25 de abril de 2018

LENÍN VALERO|Vienen horas muy difíciles

Entre los días 9 y 14 de abril, un estudio científico de opinión pública, concluyó que el 80% de los venezolanos aseguraban que la Asamblea Nacional no aprobaría la decisión tomada por el TSJ legítimo, para autorizar la destitución y enjuiciamiento del Presidente de la República, Nicolás Maduro, pero el 17 de abril, tres días después, la Asamblea Nacional aprobó la moción con una aplastante mayoría de 105 votos contra dos. Hoy, cuando a pesar de todo, se desarrolla oficialmente la campaña electoral para la presidencia de la república y consejos legislativos, el ambiente es frío y confuso, y el mismo estudio científico apunta que el 67.5 % de los electores no estarían de acuerdo de ir a votar y el 71.5% no aceptaría los resultados, pero igualmente señala que si la oposición logra una alianza y participa unida, no habrá trampa que valga para contener la derrota que sufriría el gobierno.

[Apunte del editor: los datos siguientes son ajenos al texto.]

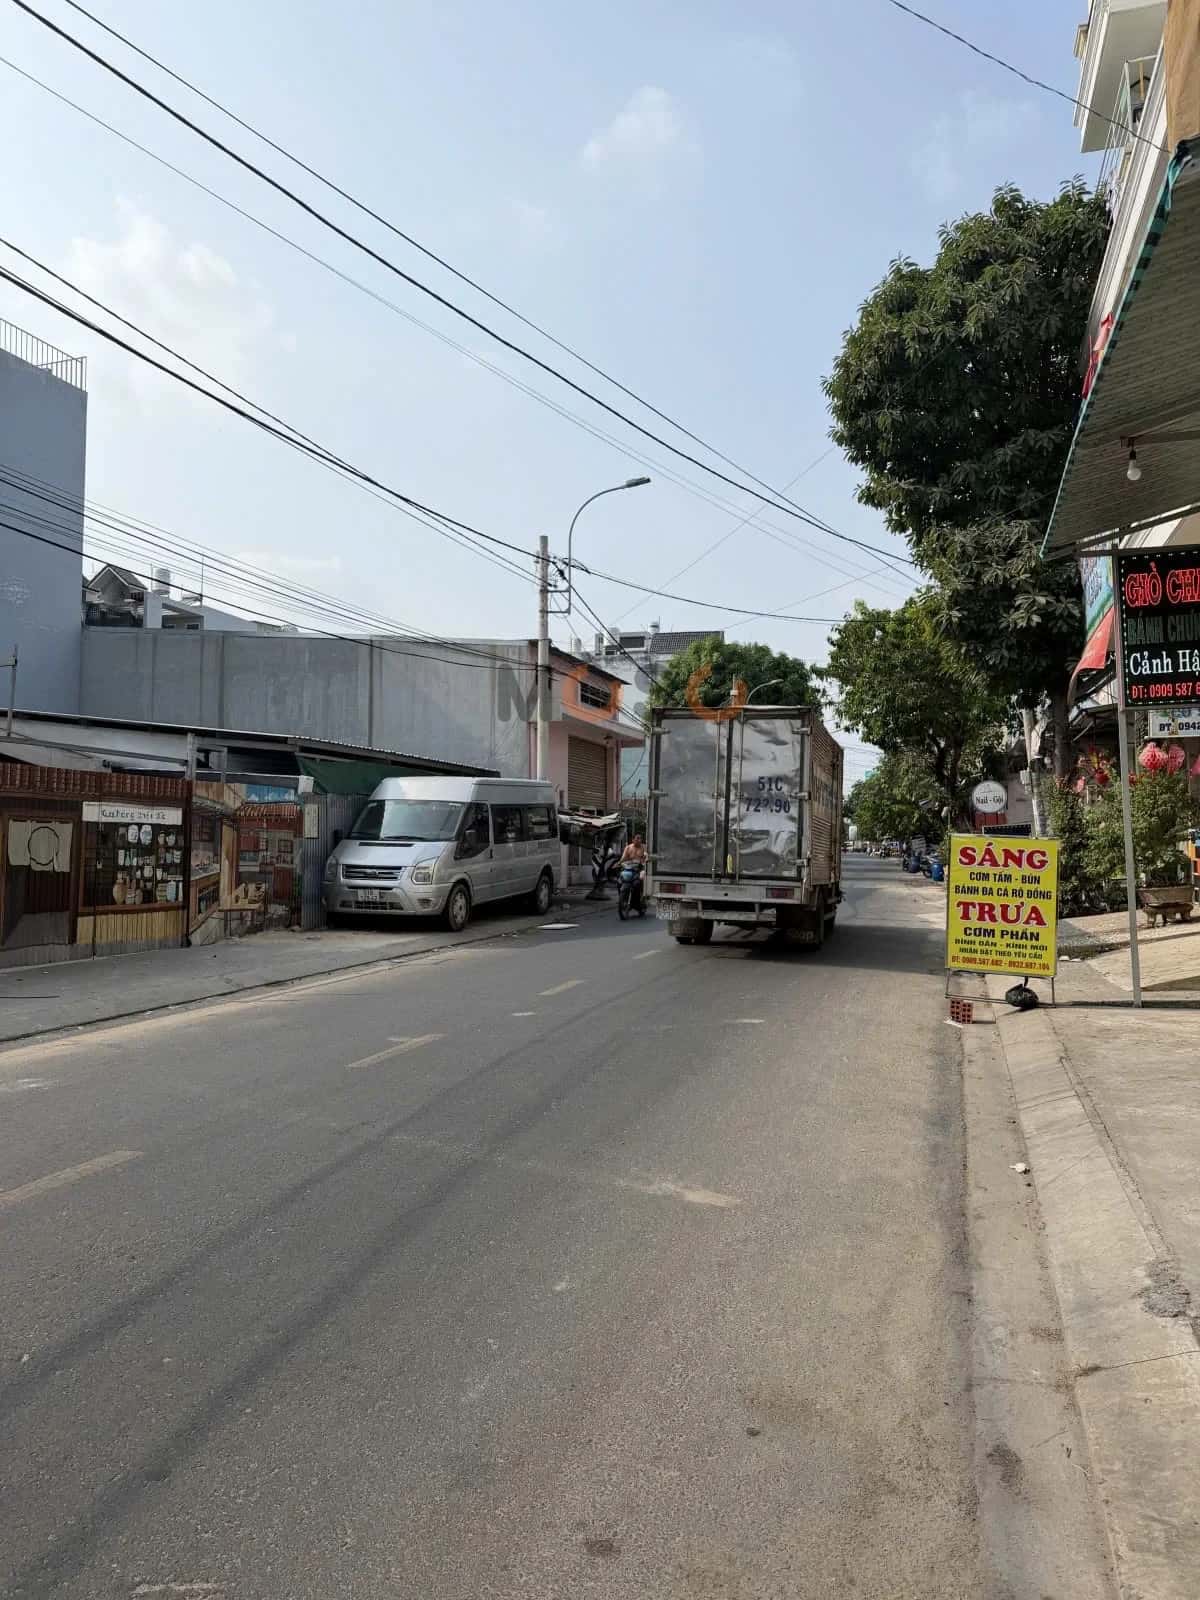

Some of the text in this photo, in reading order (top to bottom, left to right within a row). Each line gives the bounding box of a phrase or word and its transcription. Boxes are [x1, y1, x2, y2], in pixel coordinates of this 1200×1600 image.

Ante esta inmensa y espeluznante realidad, debemos asumir nuestra responsabilidad frente al país, conscientes como estamos, de que vienen horas muy difíciles. Creemos en el voto, pero no queremos votar. Sería una irresponsabilidad nuestra, de los partidos políticos, de la dirigencia política y de la sociedad en general, cruzarnos de brazos a esperar que nos caiga encima el techo y las paredes de la casa. La oposición venezolana, para bien o para mal, está concentrada en dos organizaciones: La MUD y el Frente Amplio por Venezuela. Son dos plataformas políticas, donde están representados, en uno, las organizaciones políticas propiamente dichas, y en el otro, todos los sectores de la sociedad civil. Sobre sus hombros está en parte el destino de la patria, la muerte o la vida. No pueden guardar silencio, porque negarían su propia existencia y la de quienes los integran. Es necesario que el país conozca cuál es la acción política definitiva. Según la opinión pública, no vamos a votar por falta de garantías, pero aún no conocemos la decisión definitiva que habrá de tomar el liderazgo colectivo, agrupado en la MUD y el Frente Amplio por Venezuela.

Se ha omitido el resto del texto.